Supplied records -
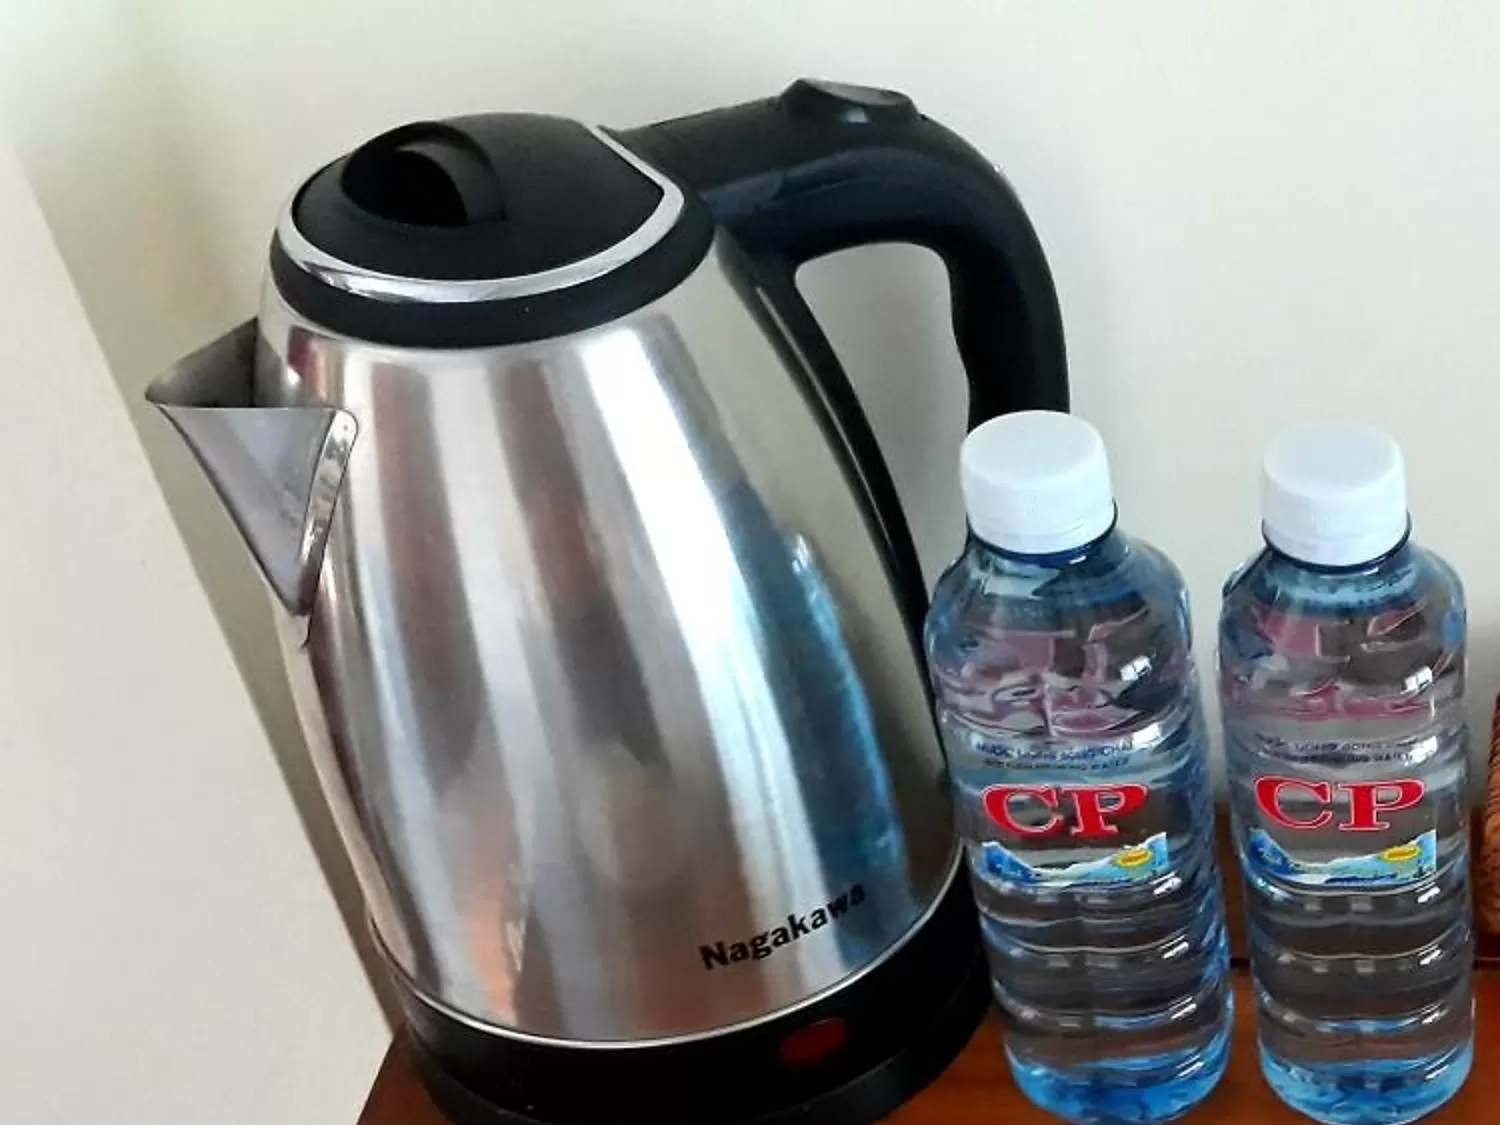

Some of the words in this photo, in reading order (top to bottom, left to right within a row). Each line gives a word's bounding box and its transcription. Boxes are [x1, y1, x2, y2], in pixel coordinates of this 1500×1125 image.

[981, 783, 1148, 837] CP
[1254, 775, 1426, 831] CP
[699, 884, 866, 971] Nagakawa
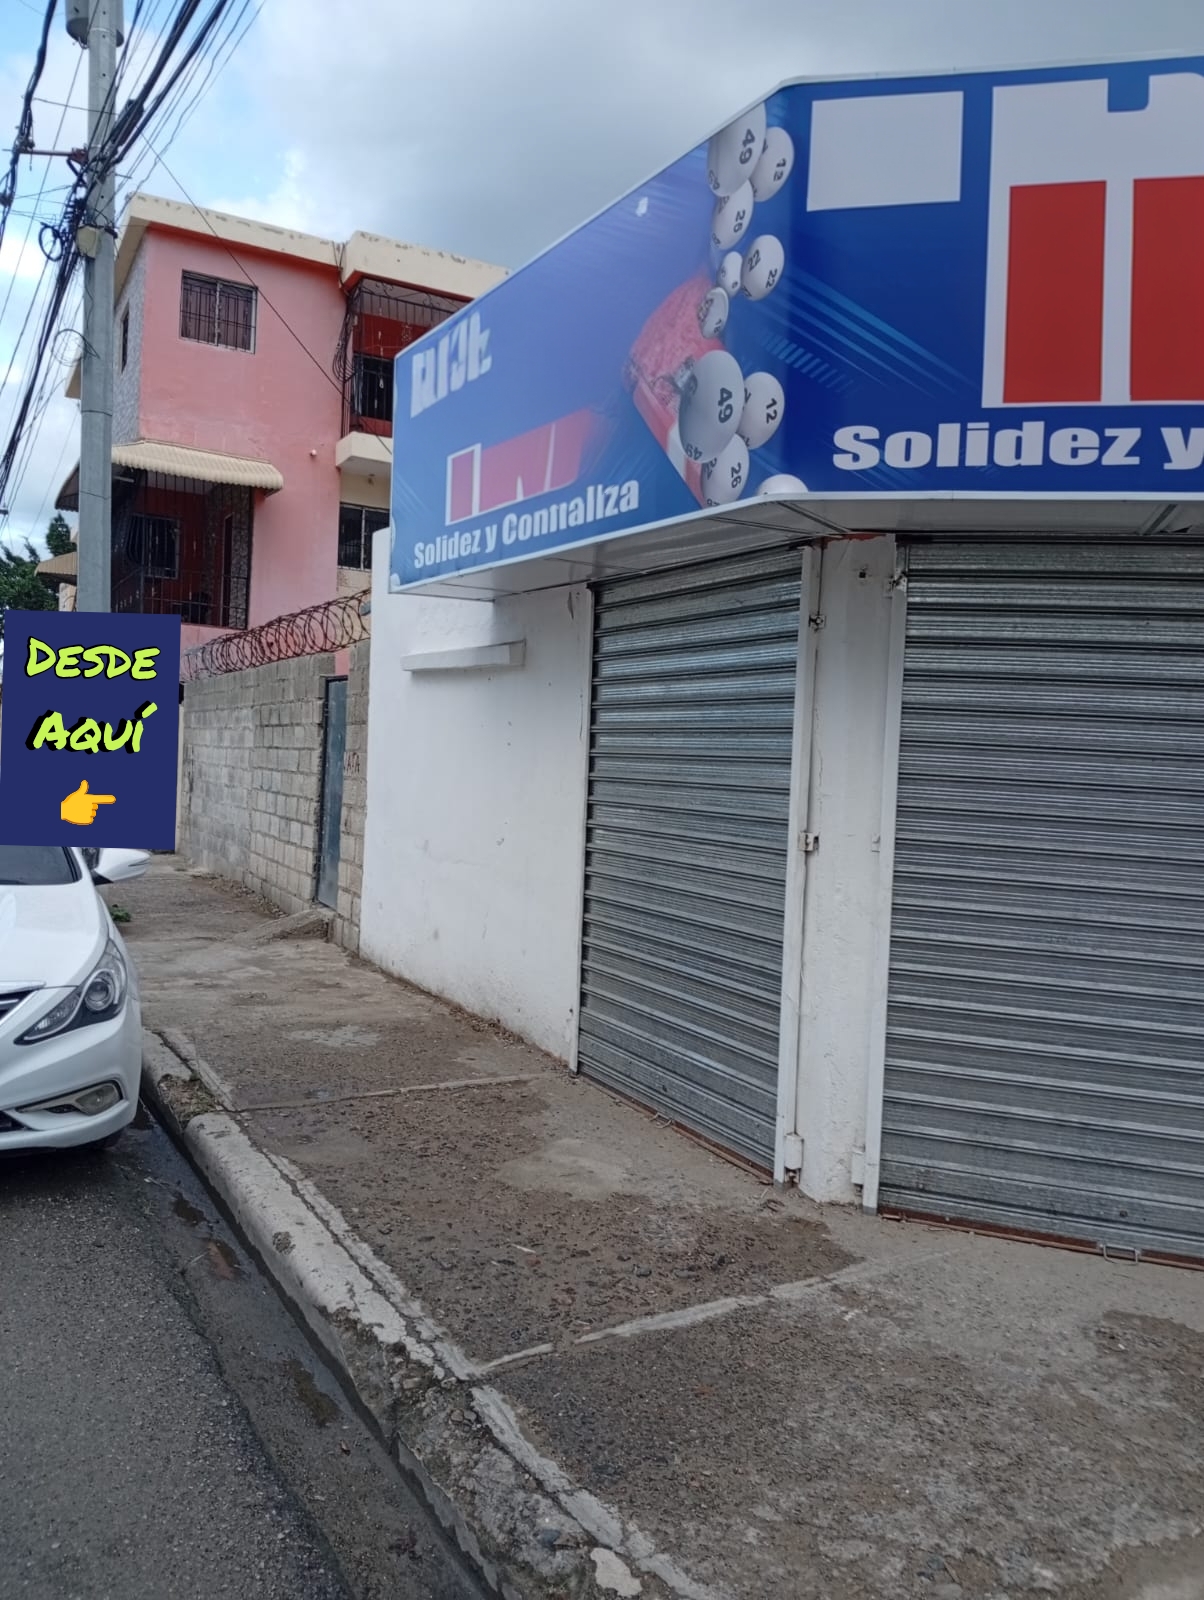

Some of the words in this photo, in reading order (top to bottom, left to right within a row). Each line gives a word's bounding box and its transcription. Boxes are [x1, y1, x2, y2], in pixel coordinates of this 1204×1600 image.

[717, 387, 734, 424] 49
[765, 398, 778, 424] 12
[833, 421, 1142, 471] Solidez
[1160, 427, 1204, 470] y
[730, 462, 742, 489] 26
[414, 527, 481, 569] Solidez
[485, 523, 497, 553] y
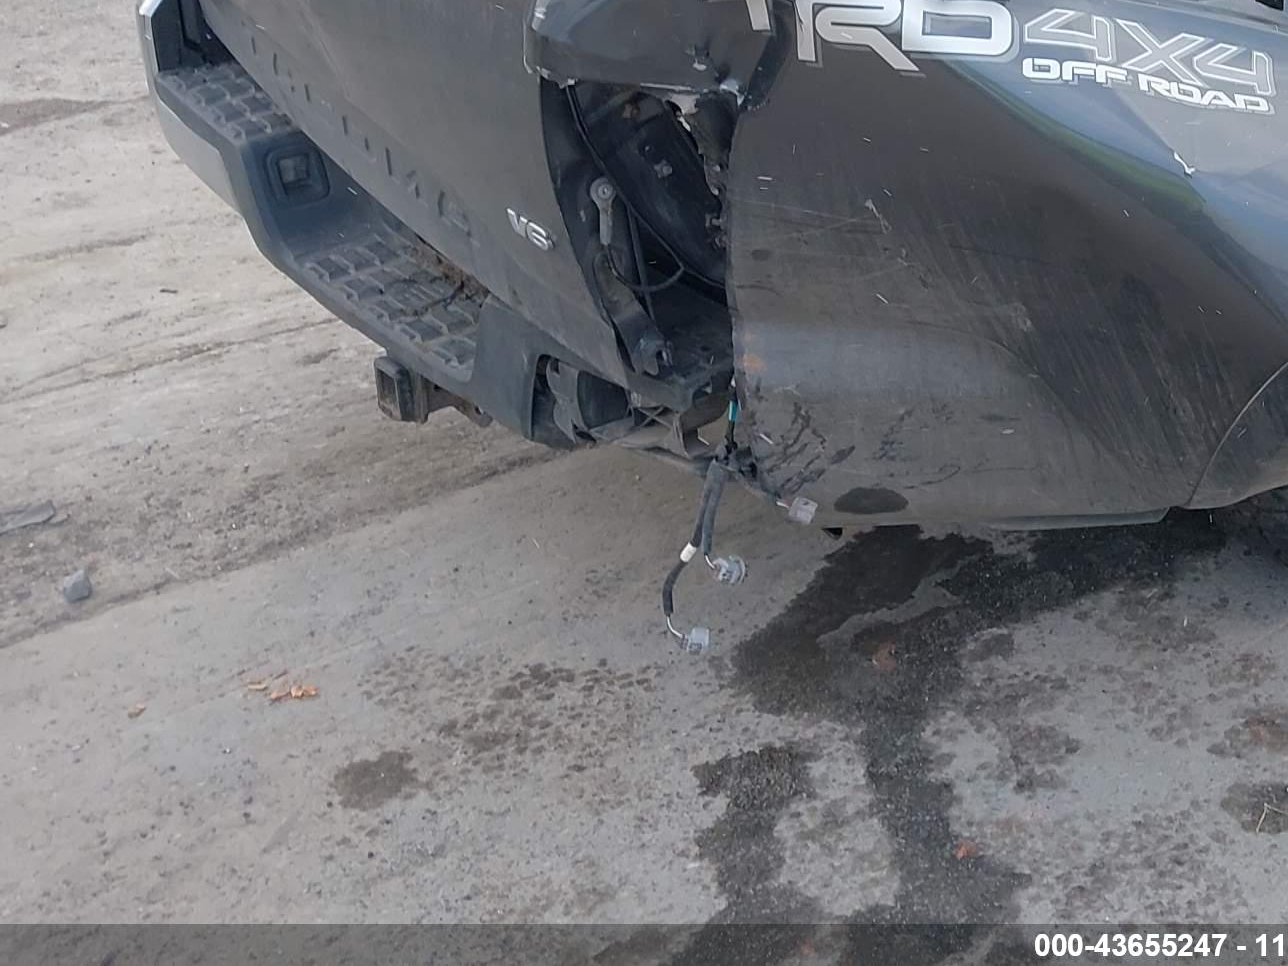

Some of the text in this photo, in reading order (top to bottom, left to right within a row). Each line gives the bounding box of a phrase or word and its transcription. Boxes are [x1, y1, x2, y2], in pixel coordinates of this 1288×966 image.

Aim of the task -
Reproduce the data word for word without its images.

Solution to this task -
Some of the words in this photo, in reading order (top to bottom, left to right within a row). Each line gives a word's bounding box and its transcription. Boxes are [x1, y1, x2, y2], in pixel coordinates of this 1500×1125 image.

[981, 783, 1148, 837] CP
[1254, 775, 1426, 831] CP
[699, 884, 866, 971] Nagakawa

Some of the words in this photo, in reading order (top to bottom, left to right within a row). Each line gives a word's bounding box and its transcription. Boxes are [x1, y1, x2, y2], in pixel coordinates of this 1204×1600 image.

[717, 387, 734, 424] 49
[765, 398, 778, 424] 12
[833, 421, 1142, 471] Solidez
[1160, 427, 1204, 470] y
[730, 462, 742, 489] 26
[414, 527, 481, 569] Solidez
[485, 523, 497, 553] y

Some of the text in this photo, in reading order (top to bottom, left to right within a row). Each line gives the bounding box of a phrase or word and its transcription. Boxes are [x1, y1, x2, y2], in pixel coordinates of this 1288×966 image.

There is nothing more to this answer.